WHAT YOU HAVE TO DO> Transcribe each entry exactly; skip the images.

[Opening RAW DATA section]

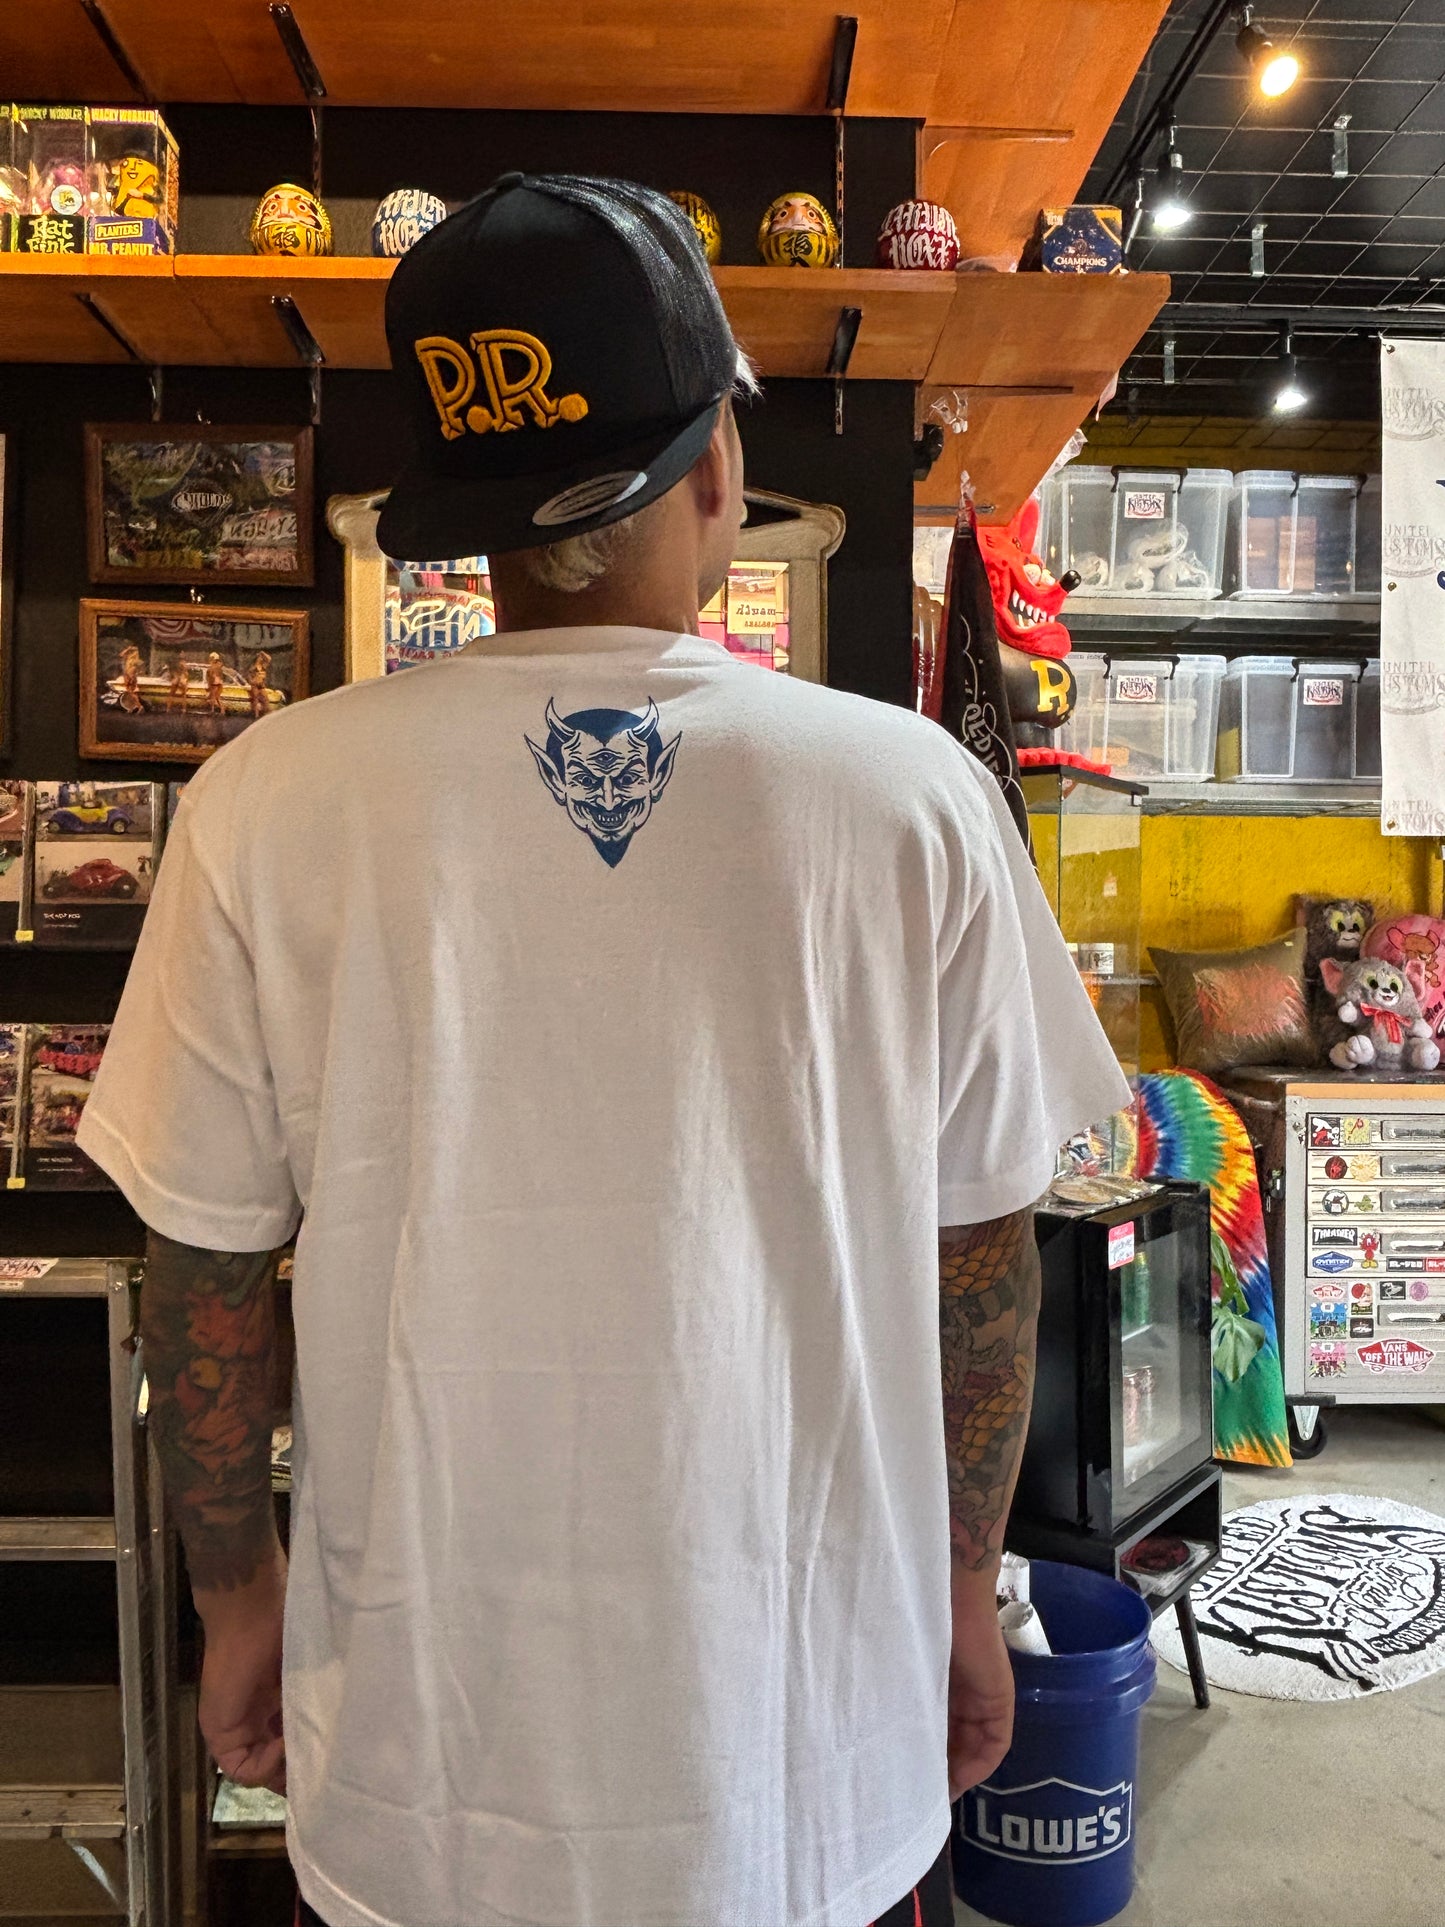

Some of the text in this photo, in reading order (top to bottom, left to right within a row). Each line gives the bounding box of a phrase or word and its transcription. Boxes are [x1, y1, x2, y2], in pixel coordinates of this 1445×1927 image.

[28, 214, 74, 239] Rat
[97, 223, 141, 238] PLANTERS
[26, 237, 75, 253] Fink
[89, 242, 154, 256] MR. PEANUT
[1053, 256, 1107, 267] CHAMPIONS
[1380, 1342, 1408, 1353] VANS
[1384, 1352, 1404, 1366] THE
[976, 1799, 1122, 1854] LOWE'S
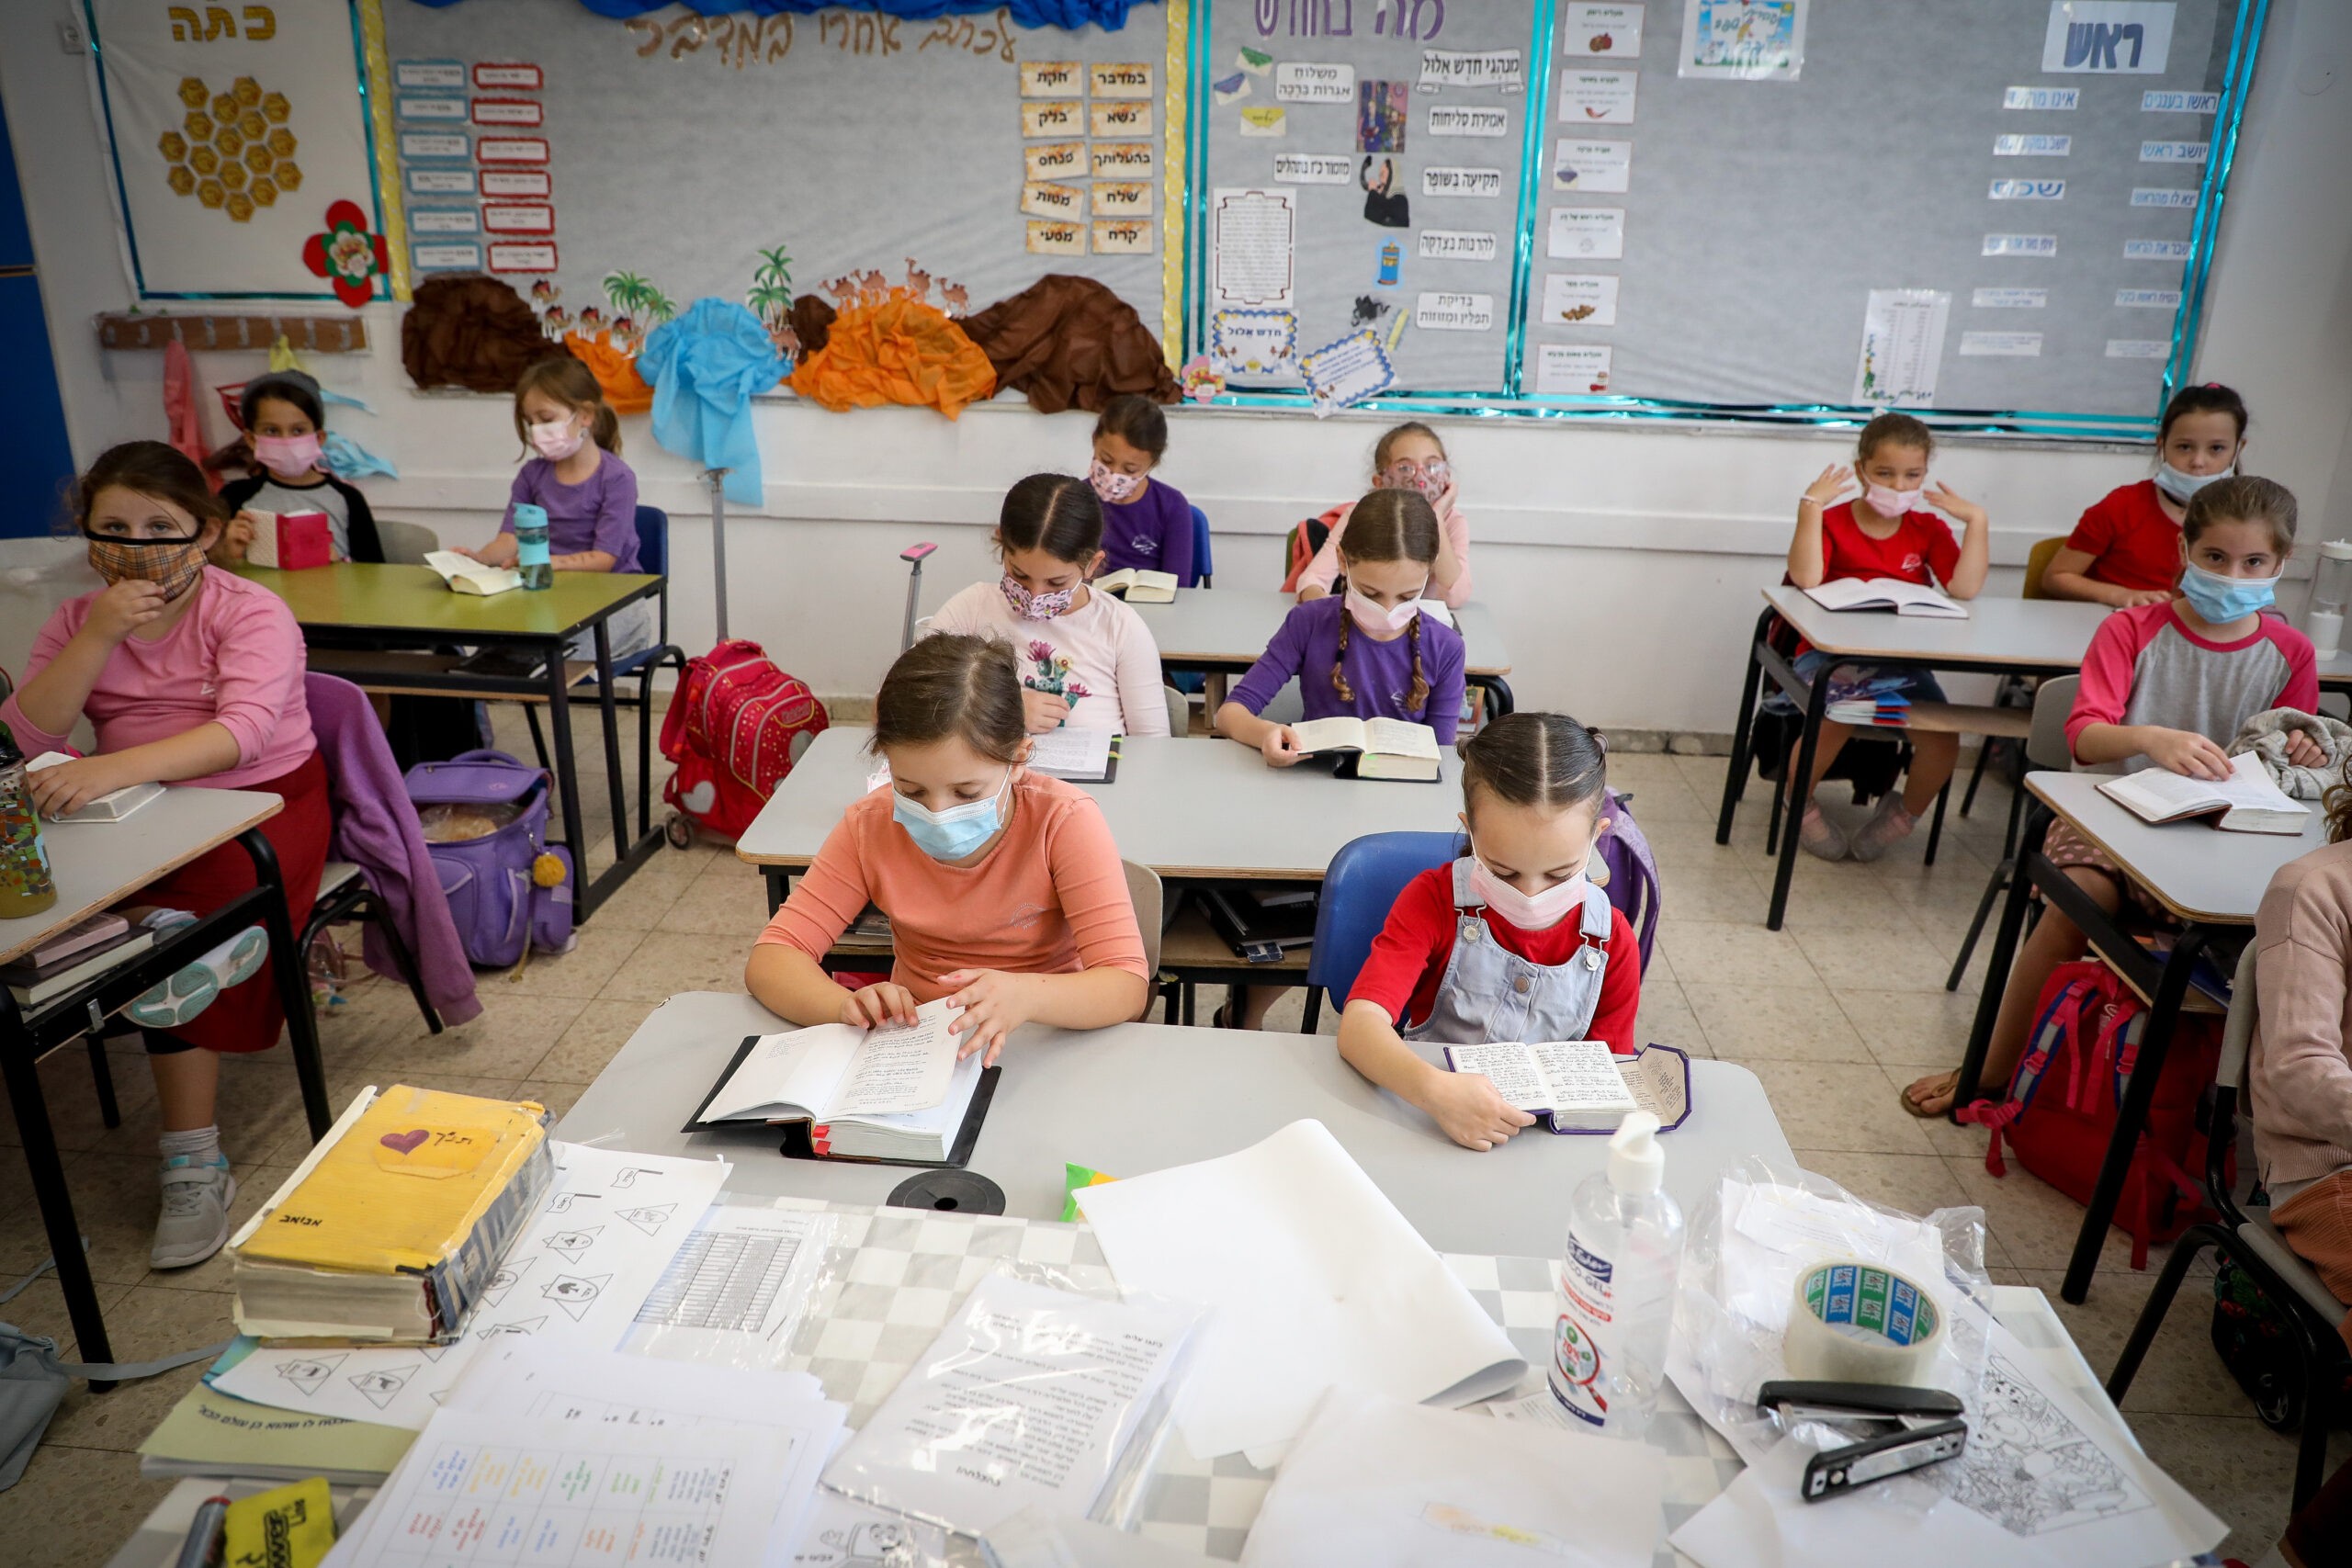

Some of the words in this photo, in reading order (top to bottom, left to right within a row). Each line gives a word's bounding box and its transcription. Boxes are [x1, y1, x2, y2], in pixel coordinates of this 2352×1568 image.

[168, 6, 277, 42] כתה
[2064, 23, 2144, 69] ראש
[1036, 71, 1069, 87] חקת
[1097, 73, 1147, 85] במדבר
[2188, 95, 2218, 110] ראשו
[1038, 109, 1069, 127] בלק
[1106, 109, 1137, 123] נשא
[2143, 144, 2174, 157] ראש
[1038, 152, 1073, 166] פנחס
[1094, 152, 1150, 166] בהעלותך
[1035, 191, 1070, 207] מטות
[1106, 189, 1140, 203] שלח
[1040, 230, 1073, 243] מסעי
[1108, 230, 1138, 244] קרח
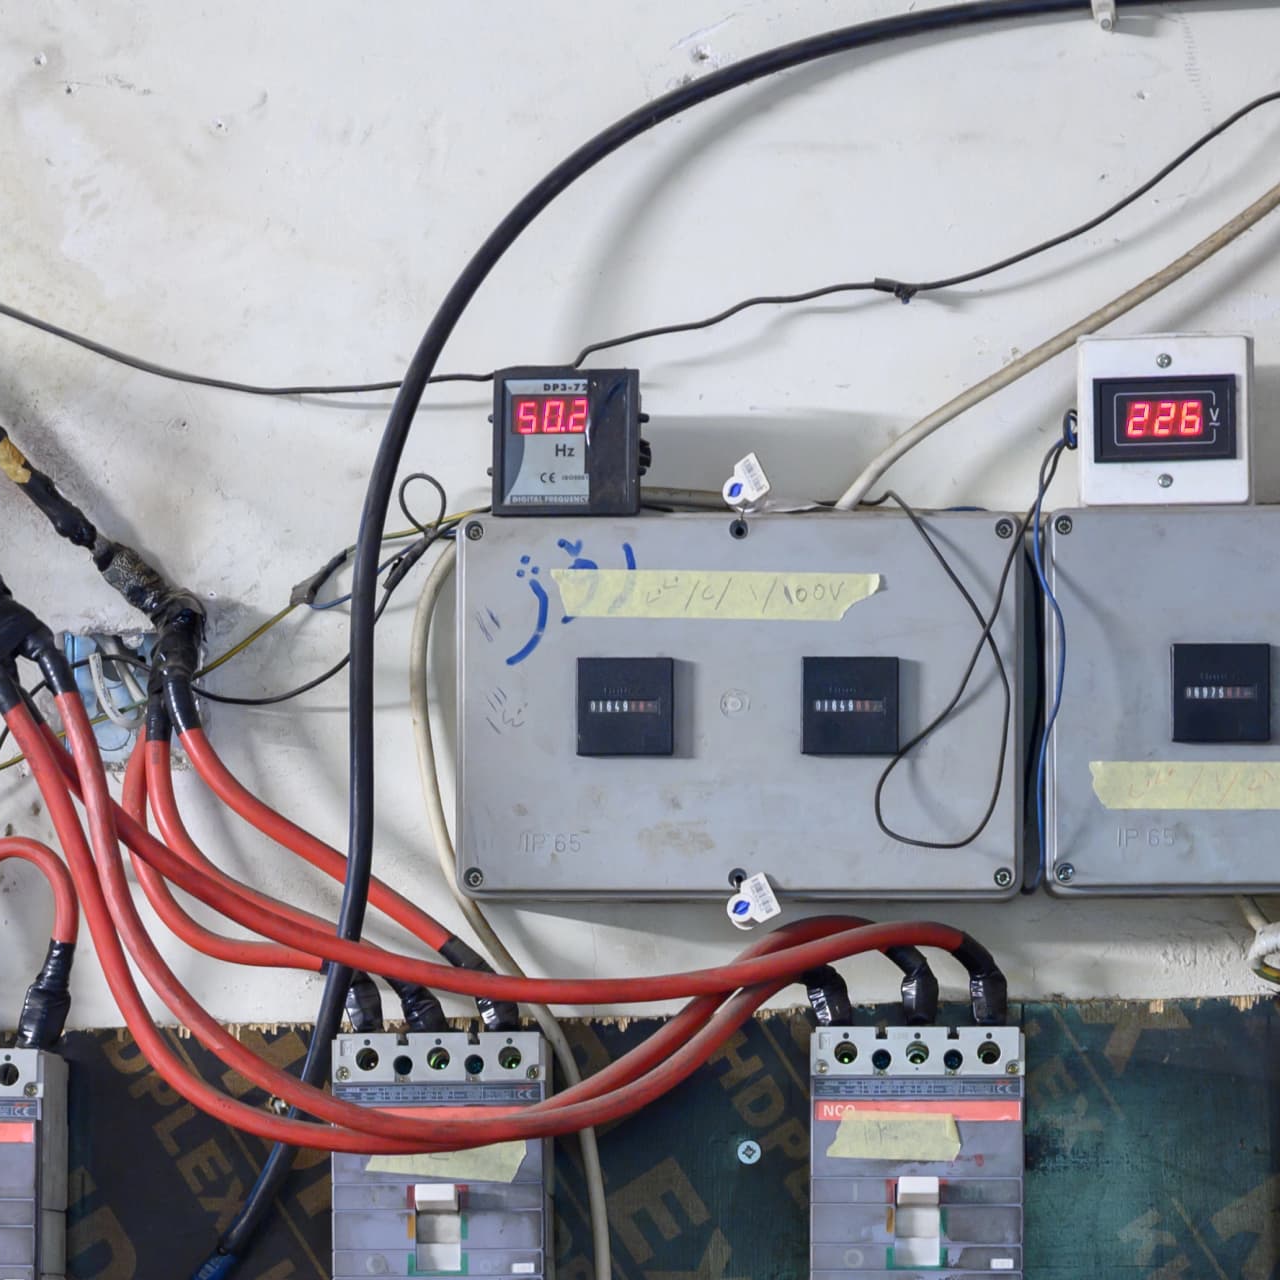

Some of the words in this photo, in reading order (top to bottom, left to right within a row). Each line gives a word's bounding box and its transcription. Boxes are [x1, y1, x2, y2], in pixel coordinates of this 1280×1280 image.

[Closing RAW DATA section]

YOUR RESPONSE>
Some of the text in this photo, in reading order (top to bottom, left to right within a row). Each line gives the bounding box of a phrase or word and its transcription. Boxes are [x1, y1, x2, y2], in pixel coordinates of this 1445×1927 image.

[28, 214, 74, 239] Rat
[97, 223, 141, 238] PLANTERS
[26, 237, 75, 253] Fink
[89, 242, 154, 256] MR. PEANUT
[1053, 256, 1107, 267] CHAMPIONS
[1380, 1342, 1408, 1353] VANS
[1384, 1352, 1404, 1366] THE
[976, 1799, 1122, 1854] LOWE'S

Some of the words in this photo, in reading order (top to bottom, left to right within a row). Each line gives a word's bounding box and its transcription. Boxes are [x1, y1, x2, y2], in pixel coordinates of this 2352×1568 image.

[168, 6, 277, 42] כתה
[2064, 23, 2144, 69] ראש
[1036, 71, 1069, 87] חקת
[1097, 73, 1147, 85] במדבר
[2188, 95, 2218, 110] ראשו
[1038, 109, 1069, 127] בלק
[1106, 109, 1137, 123] נשא
[2143, 144, 2174, 157] ראש
[1038, 152, 1073, 166] פנחס
[1094, 152, 1150, 166] בהעלותך
[1035, 191, 1070, 207] מטות
[1106, 189, 1140, 203] שלח
[1040, 230, 1073, 243] מסעי
[1108, 230, 1138, 244] קרח

Some of the words in this photo, in reading order (top to bottom, left to right within a row). Each line gives a word's bounding box and its transcription. Boxes are [x1, y1, x2, y2], in pixel coordinates of this 1280×1280 image.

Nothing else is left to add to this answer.